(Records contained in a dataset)

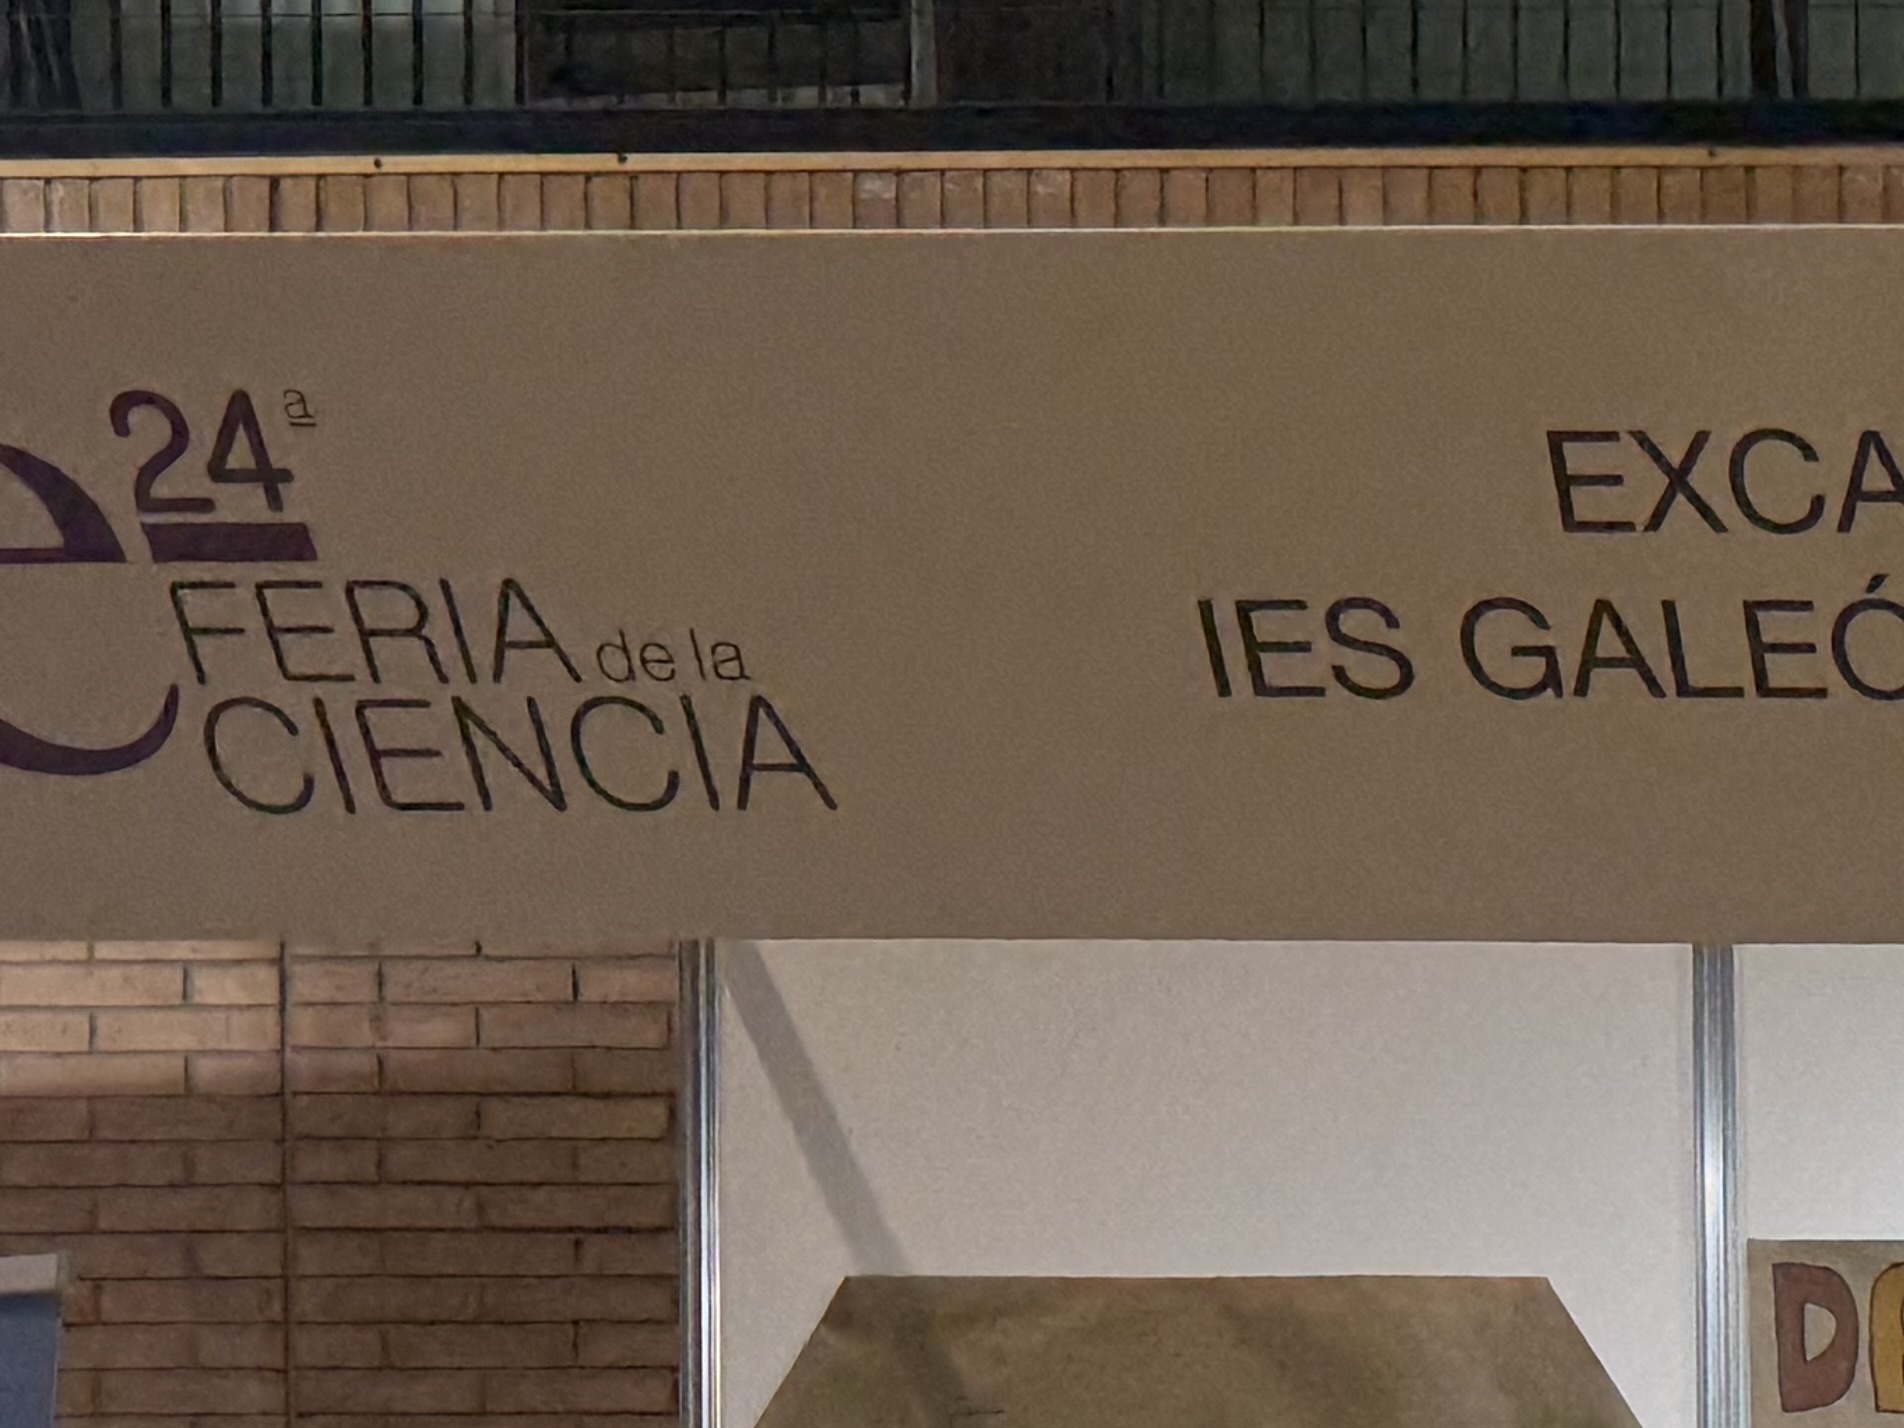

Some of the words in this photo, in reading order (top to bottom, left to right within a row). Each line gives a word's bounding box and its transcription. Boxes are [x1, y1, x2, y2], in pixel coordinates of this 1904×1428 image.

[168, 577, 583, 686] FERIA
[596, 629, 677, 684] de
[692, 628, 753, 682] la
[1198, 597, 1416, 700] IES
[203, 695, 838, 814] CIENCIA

• _Task objective_
Your answer should be an exact copy of the records above, with no pictures in it.

• _Written response_
Some of the words in this photo, in reading order (top to bottom, left to right within a row). Each line gives a word's bounding box and its transcription. Boxes are [x1, y1, x2, y2], in pixel coordinates of this 1904×1428 image.

[168, 577, 583, 686] FERIA
[596, 629, 677, 684] de
[692, 628, 753, 682] la
[1198, 597, 1416, 700] IES
[203, 695, 838, 814] CIENCIA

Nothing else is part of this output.